Regions with significant populations
- Greater Buenos Aires, La Plata Partido, Escobar Partido, Misiones Province

Languages
- Rioplatense Spanish · Japanese (minority)

Religion
- Buddhism · Roman Catholicism · Shinto

Related ethnic groups
- Japanese diaspora · Asian Argentines

= Japanese Argentines =

Japanese Argentines are Argentine citizens of Japanese ancestry, comprising Japanese immigrants and their descendants born in Argentina. Japanese migration to Argentina began in 1908 with the arrival of immigrants from Okinawa and Kagoshima. The first Japanese entered the country via Brazil and succeeding groups of immigrants tended to reach Argentina through the neighboring nations.

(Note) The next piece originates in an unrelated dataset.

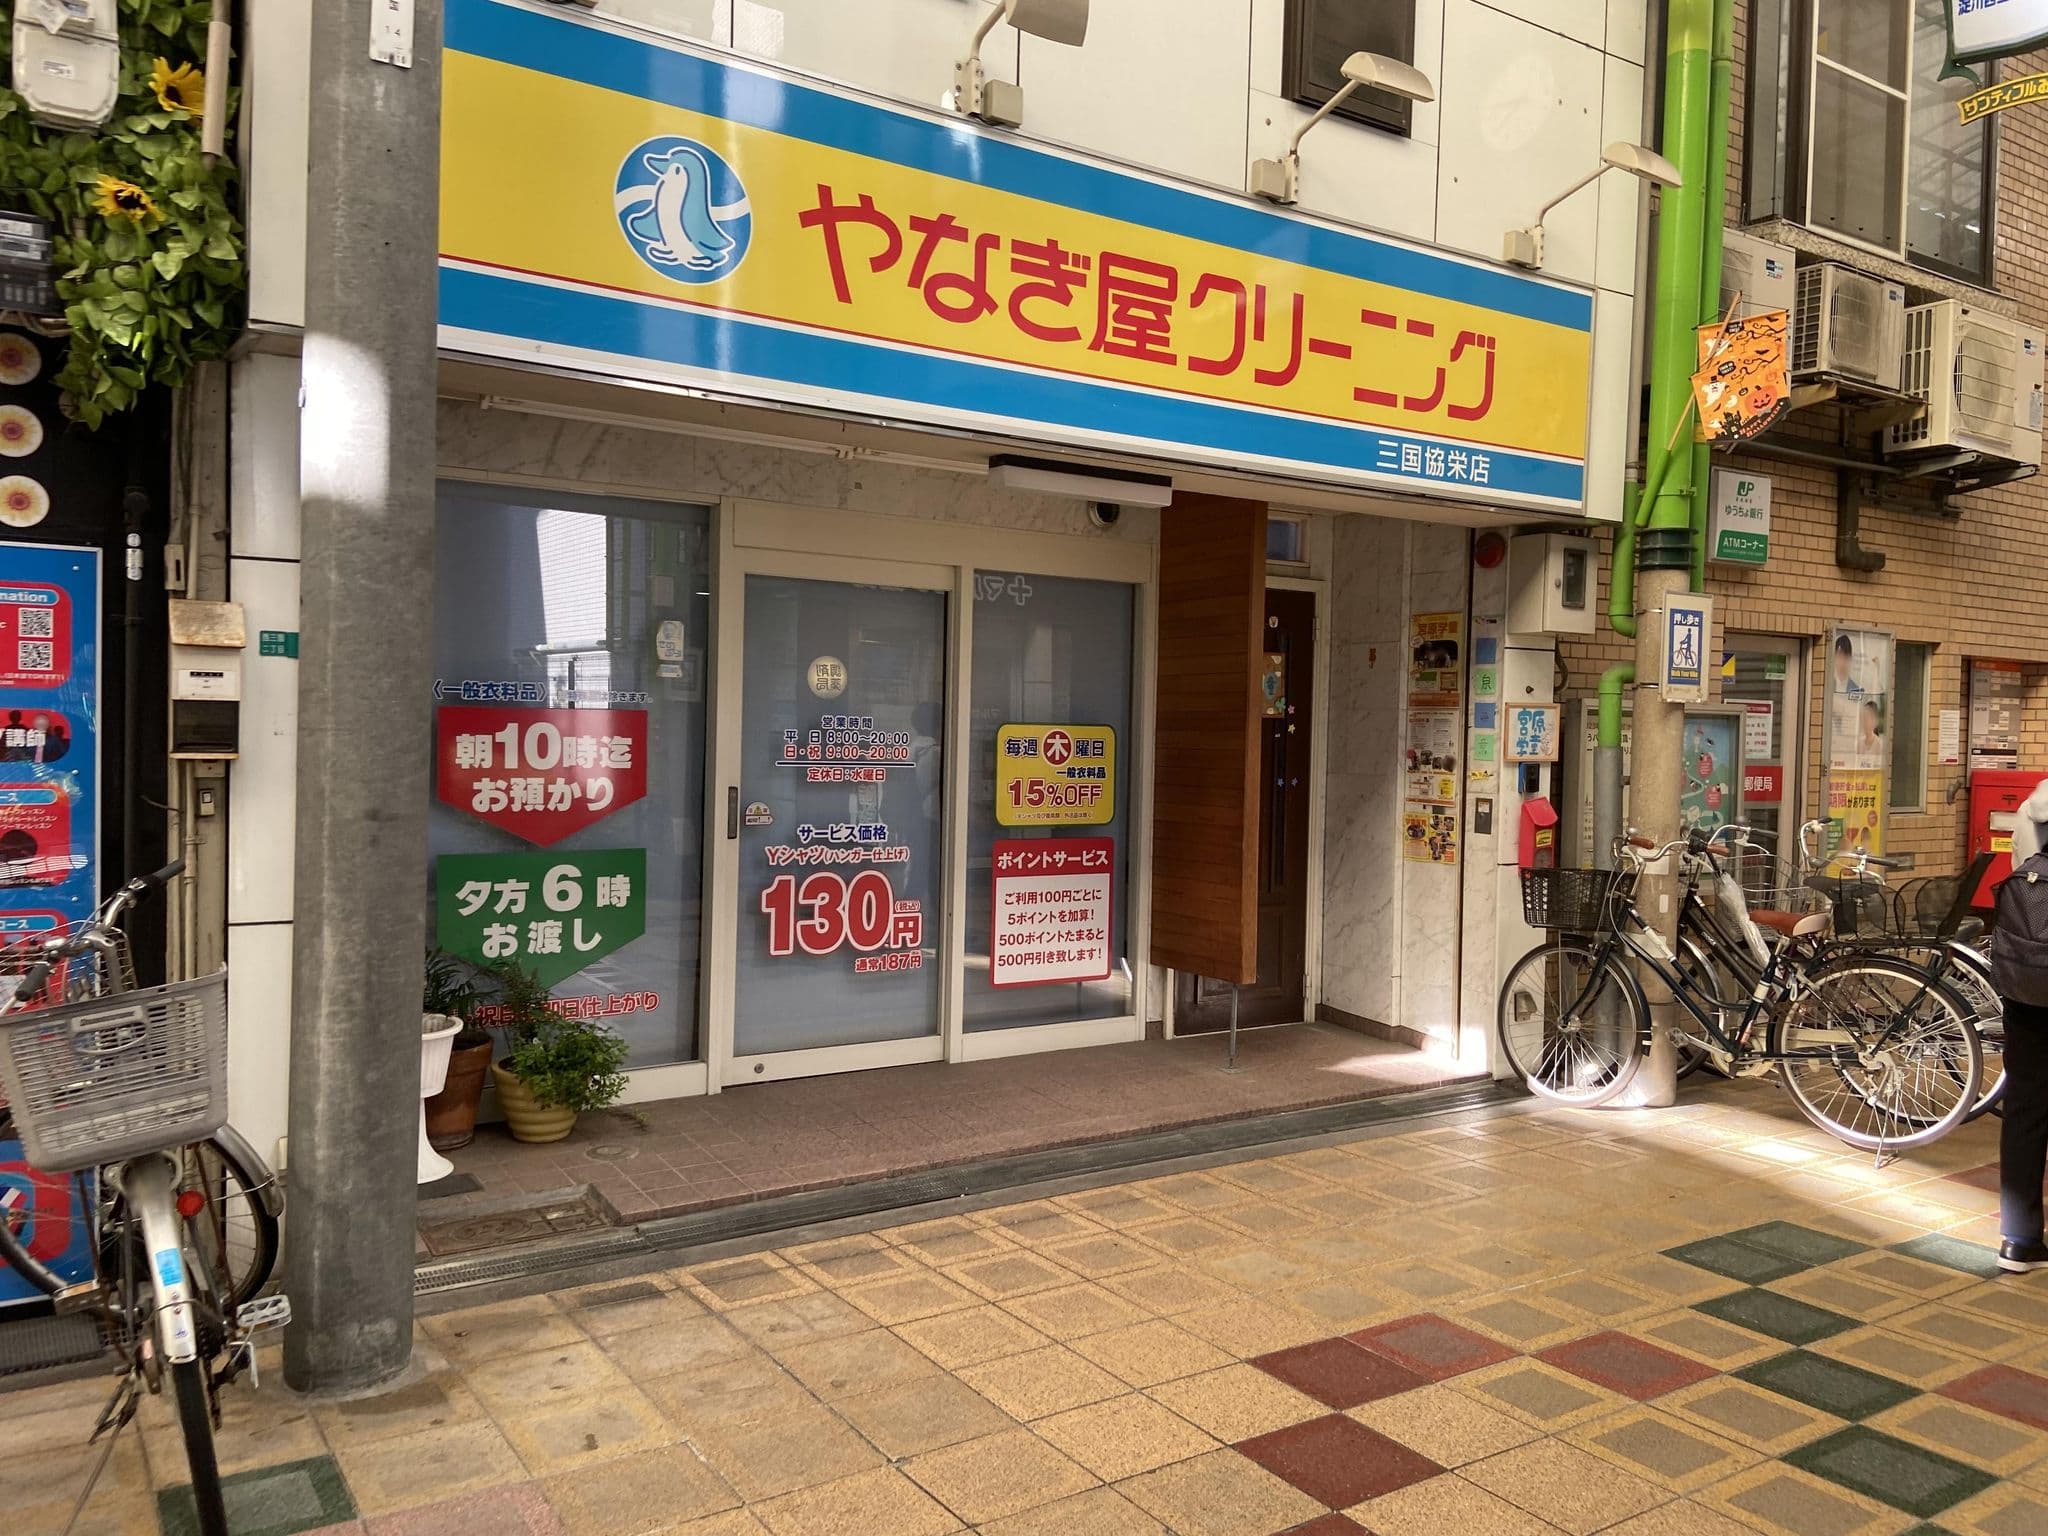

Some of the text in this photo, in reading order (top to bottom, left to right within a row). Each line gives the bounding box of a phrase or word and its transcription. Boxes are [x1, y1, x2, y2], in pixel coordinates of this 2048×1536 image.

In the pre-war years, Japanese Argentines were concentrated in urban small businesses, especially dry cleaning and cafes in Buenos Aires (see :es: Café El Japonés), while some worked as domestic servants, factory workers and longshoremen. A minority of Japanese Argentines also engaged in horticulture, floriculture and fishery. There is an important Japanese community in the city of Belén de Escobar where they settled and specialised in floriculture.

Between the 1960s and 1970s, more Japanese immigrants arrived in the country. Many were attracted by the economic opportunities in agriculture. According to the Ministry of Foreign Affairs of Japan, as of 2020 there are 115,000 descendants and 11,440 Japanese nationals in Argentina.

==History==
There were about 6,000 ethnic Japanese in Argentina in the late 1930s. The Argentine government was friendly with Japan up until the twilight of World War II, when pressure from the United States and the losses by the Axis Powers resulted in loss of diplomatic relations and the Argentine government declaring war against Japan and therefore causing Japanese institutions in the country to close. In the post-World War II period, most ethnic Japanese decided to stay in Argentina. Additional immigration occurred around the 1950s.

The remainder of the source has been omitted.